On Computational Hardness of Agnostic Learning

Vitaly Feldman (Harvard)

The agnostic learning framework of Kearns, Schapire and Sellie is an extension of Valiant's PAC learning model, in which examples that are given to the learning algorithm are labelled by an unknown and unrestricted (and hence adversarial) function. An agnostic learning algorithm for a class of functions $C$ is required t produce a hypothesis whose error (with respect to the distribution of examples) is "close" to the optimal possible by a function from $C$. A large number of questions regarding the learnability of even the simplest function classes in this natural model remain open since the introduction of the model in 1992.

In this talk I will show that agnostic learning of parities with respect to the uniform distribution reduces to learning of parities with random classification noise. Learning with random noise is a substantially more tractable model and, in particular, using a noise-tolerant parity learning algorithm by Blum, Kalai and Wasserman we obtain the first non-trivial algorithm for agnostic learning of parities with respect to the uniform distribution. The reduction also shows that learning of juntas and DNF expressions with respect to the uniform distribution can be reduced to learning parities with random classification noise.

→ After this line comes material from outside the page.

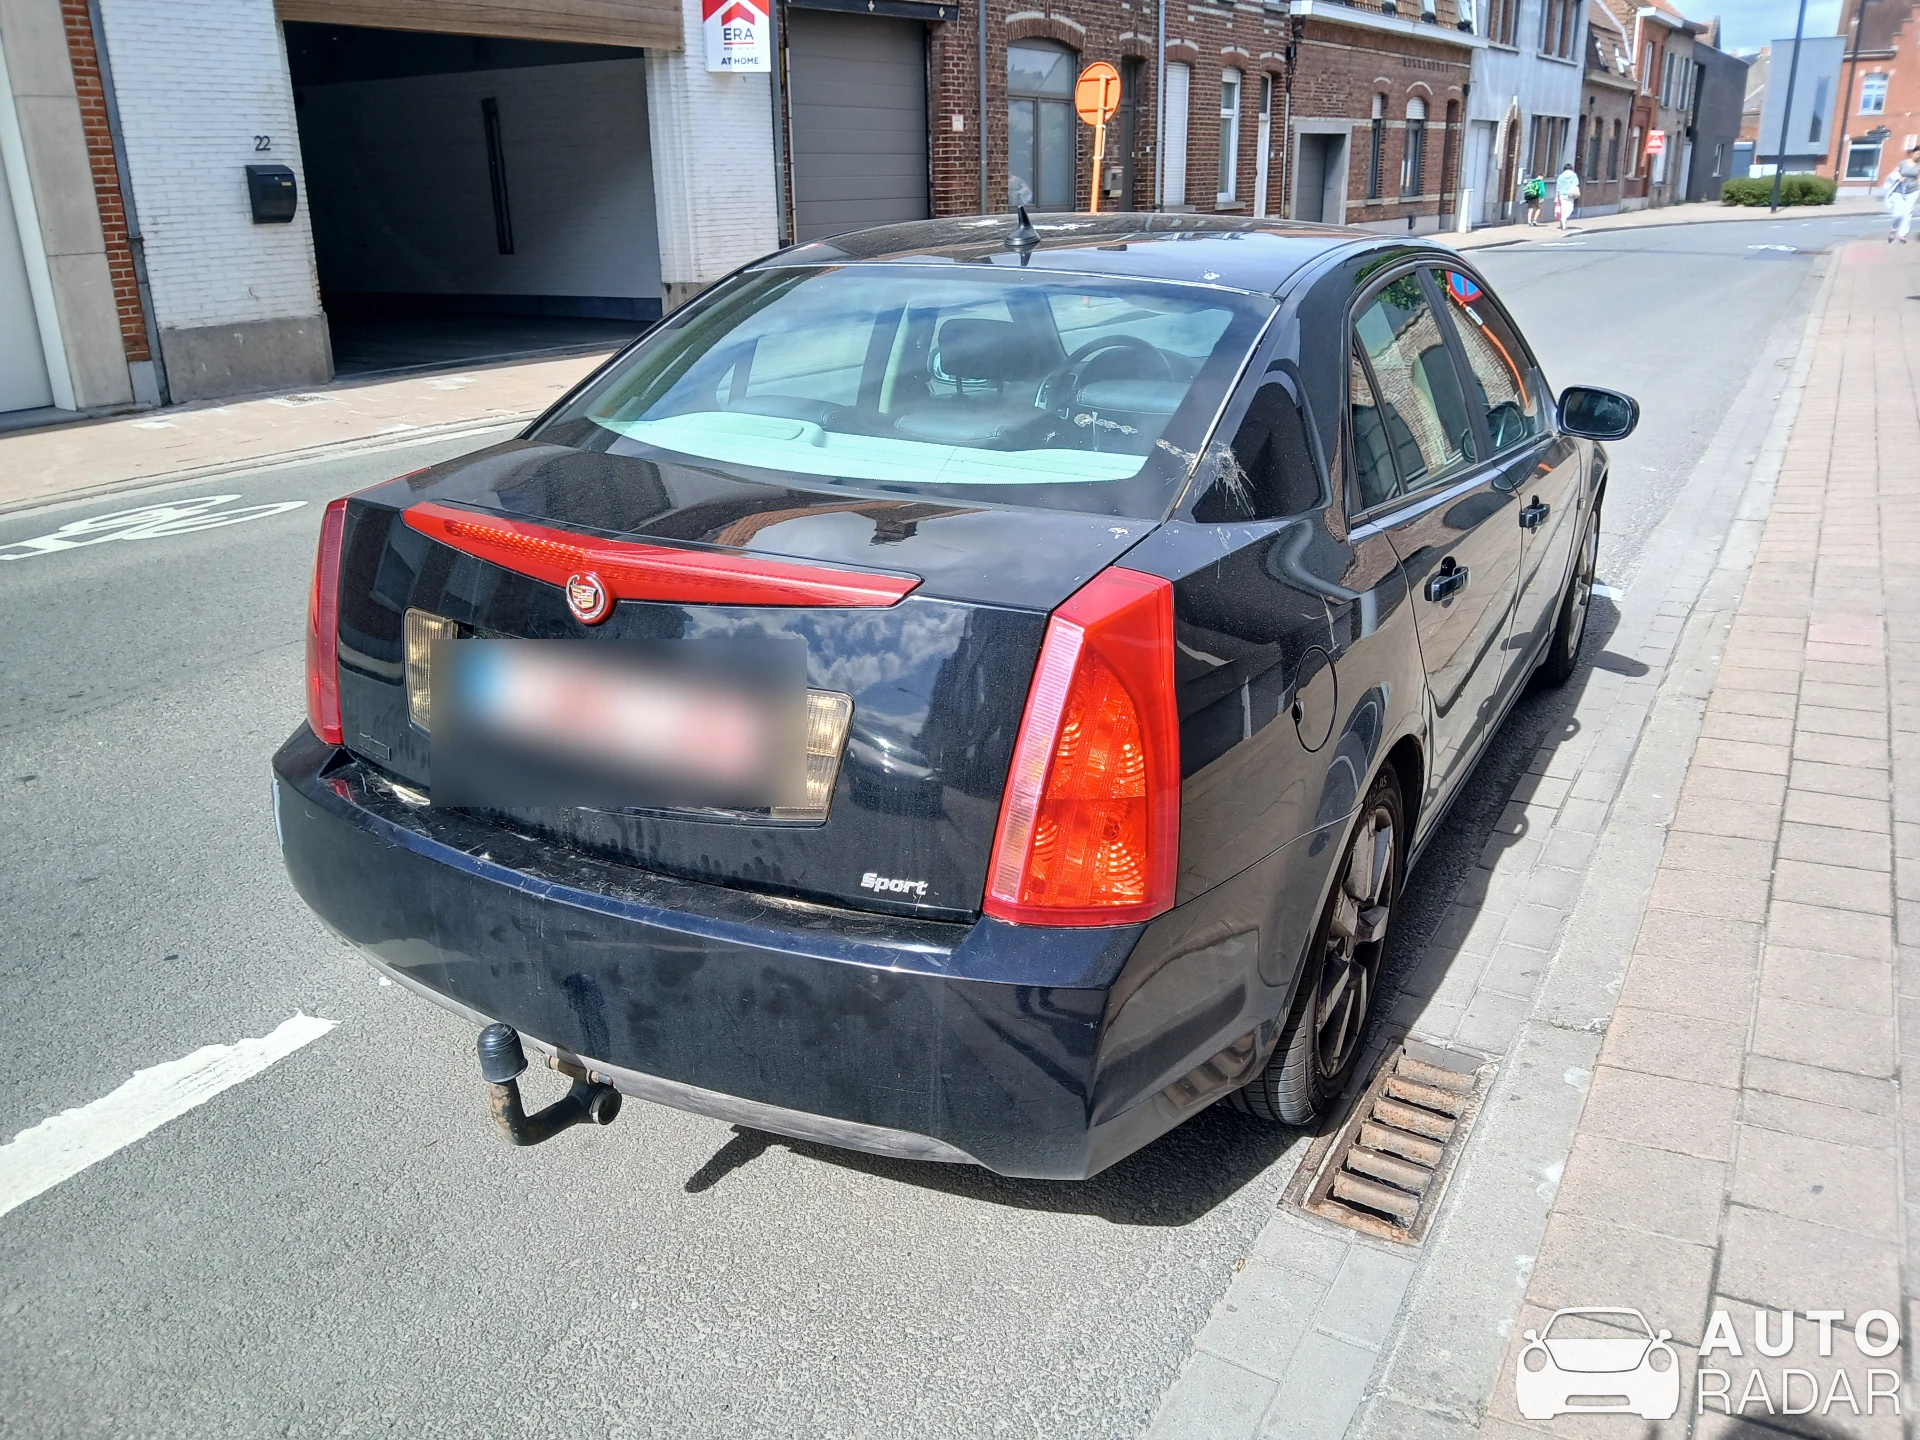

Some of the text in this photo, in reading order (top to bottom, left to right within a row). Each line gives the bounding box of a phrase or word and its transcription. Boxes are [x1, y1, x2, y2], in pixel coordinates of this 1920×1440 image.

The second problem we'll discuss is the problem of weak agnostic learning of monomials by a proper learning algorithm (that is, an algorithm that produces a monomial as its hypothesis) formulated by Avrim Blum. We resolve this open problem by showing that it is NP-hard. In other words, we prove that finding a monomial that is consistent with $1/2+\epsilon$ fraction of examples is NP-hard even when there exists a monomial consistent with $1-\epsilon$ fraction of examples (for any constant $\epsilon$). The result can also be interpreted as an optimal hardness of approximation result for maximizing agreements with a monomial. It substantially improves on previous hardness of approximation results for this problem (due to Ben-David et al., and Bshouty and Burroughs).

The talk will be largely self-contained and both results will be also interpreted outside of the learning context.

Parts of this talk are based on joint work with Parikshit Gopalan, Subhash Khot and Ashok Ponnuswami.

Host: Ronitt Rubinfeld

(The Algorithms and Complexity Seminar series talks are usually held Mondays from 4-5:15pm in 32-G575.)